Retype every record exactly. Leave the pictures out.

----- Material shown

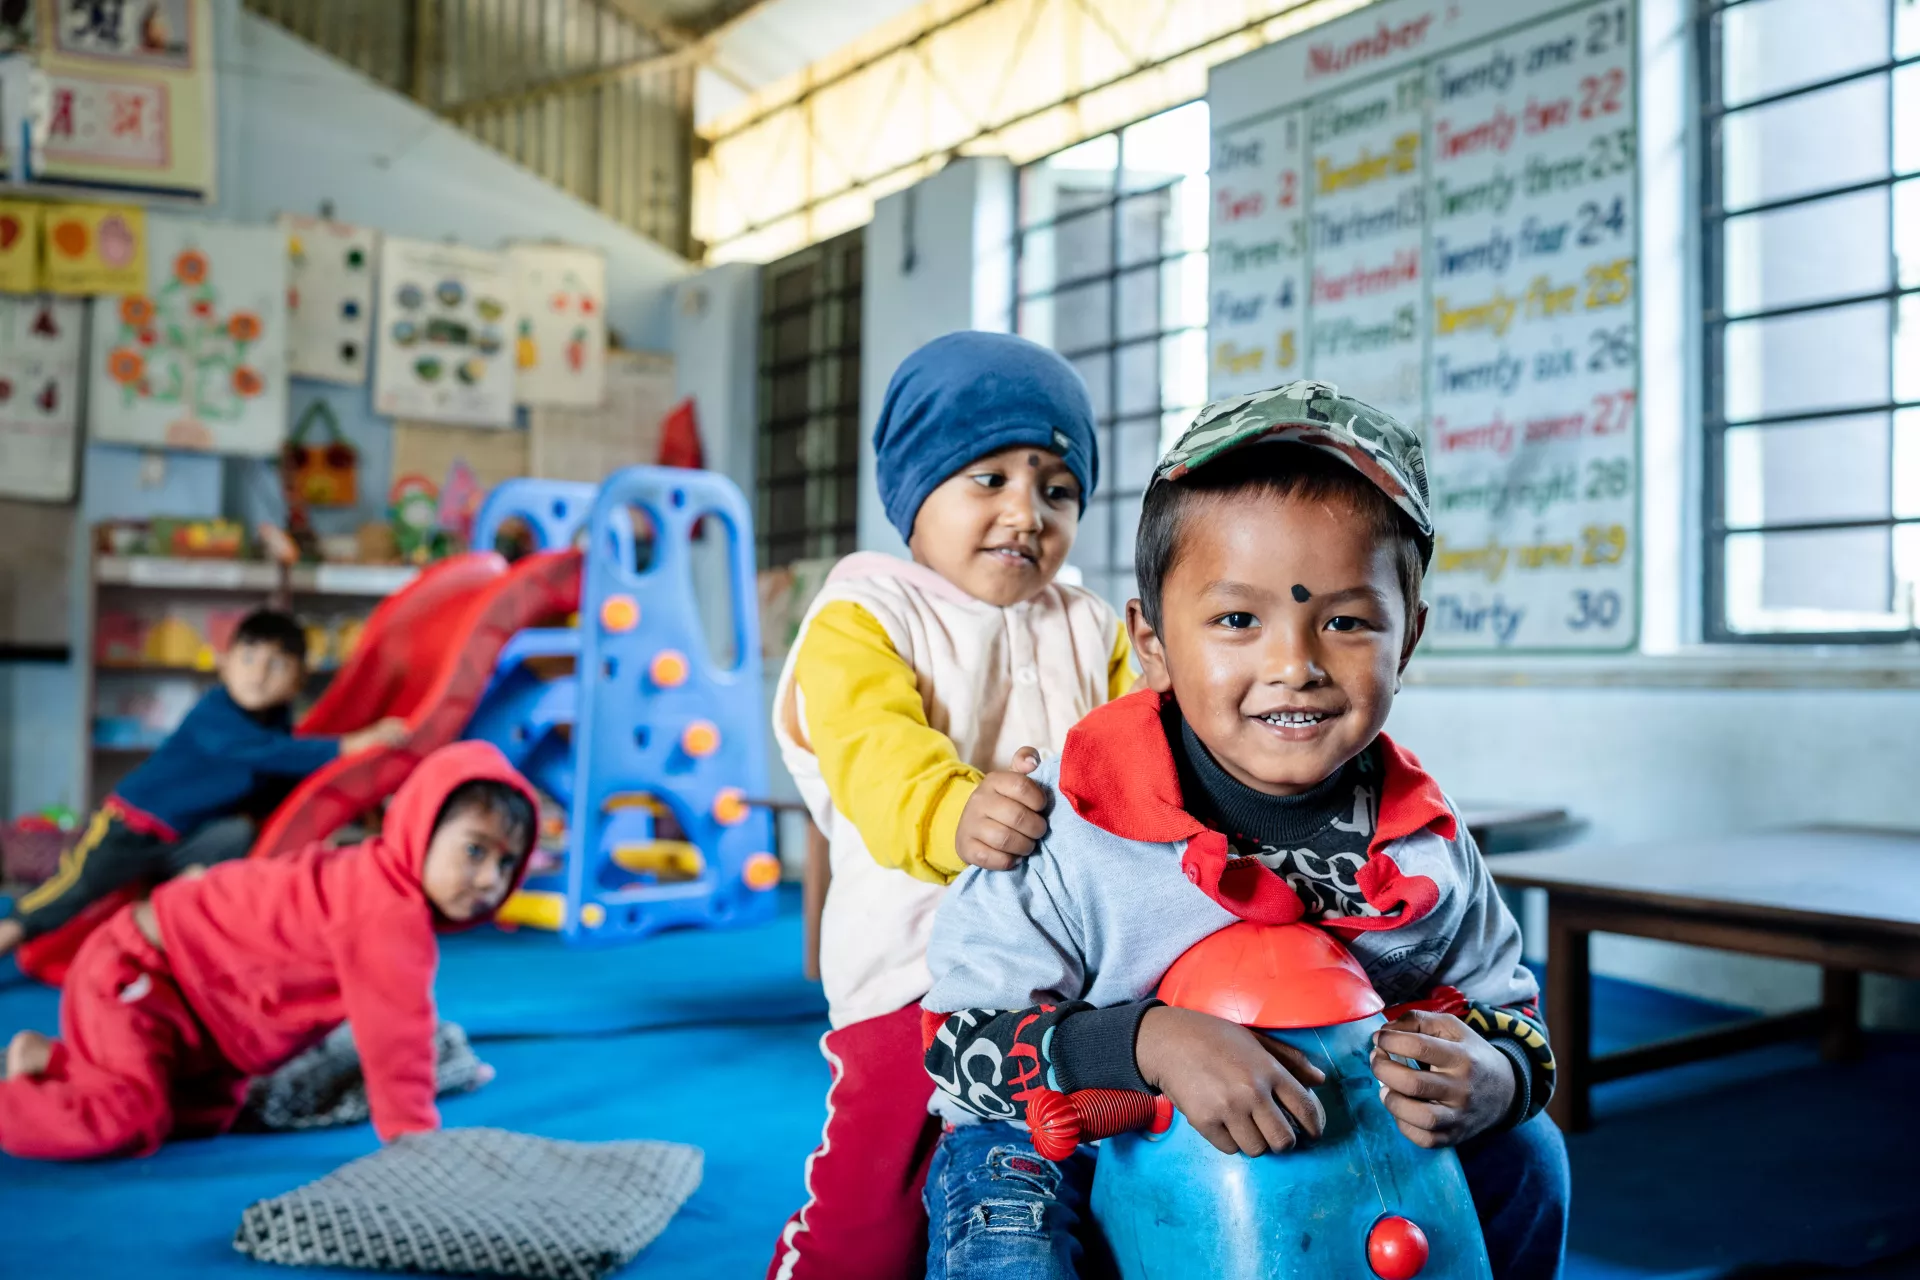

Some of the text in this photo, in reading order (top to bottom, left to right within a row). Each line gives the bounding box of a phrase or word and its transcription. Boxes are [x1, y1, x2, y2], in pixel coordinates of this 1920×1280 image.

[1304, 15, 1432, 80] Number
[1437, 8, 1626, 101] Twenty one 21
[1437, 68, 1625, 160] Twenty two 22
[1217, 170, 1297, 223] Two 2
[1437, 128, 1635, 215] Twenty three 23
[1437, 194, 1625, 277] Twenty four 24
[1276, 275, 1294, 308] 4
[1435, 257, 1635, 338] Twenty five 25
[1437, 346, 1523, 395] Twenty
[1532, 333, 1575, 381] six
[1588, 325, 1636, 374] 26
[1434, 410, 1513, 456] Twenty
[1592, 389, 1637, 438] 27
[1587, 457, 1629, 500] 28
[1436, 534, 1509, 583] Twenty
[1581, 523, 1627, 567] 29
[1434, 589, 1622, 646] Thirty 30

----------

*Reply to the exercise*
Some of the text in this photo, in reading order (top to bottom, left to right within a row). Each line gives the bounding box of a phrase or word and its transcription. Boxes are [x1, y1, x2, y2], in pixel coordinates of this 1920×1280 image.

[1304, 15, 1432, 80] Number
[1437, 8, 1626, 101] Twenty one 21
[1437, 68, 1625, 160] Twenty two 22
[1217, 170, 1297, 223] Two 2
[1437, 128, 1635, 215] Twenty three 23
[1437, 194, 1625, 277] Twenty four 24
[1276, 275, 1294, 308] 4
[1435, 257, 1635, 338] Twenty five 25
[1437, 346, 1523, 395] Twenty
[1532, 333, 1575, 381] six
[1588, 325, 1636, 374] 26
[1434, 410, 1513, 456] Twenty
[1592, 389, 1637, 438] 27
[1587, 457, 1629, 500] 28
[1436, 534, 1509, 583] Twenty
[1581, 523, 1627, 567] 29
[1434, 589, 1622, 646] Thirty 30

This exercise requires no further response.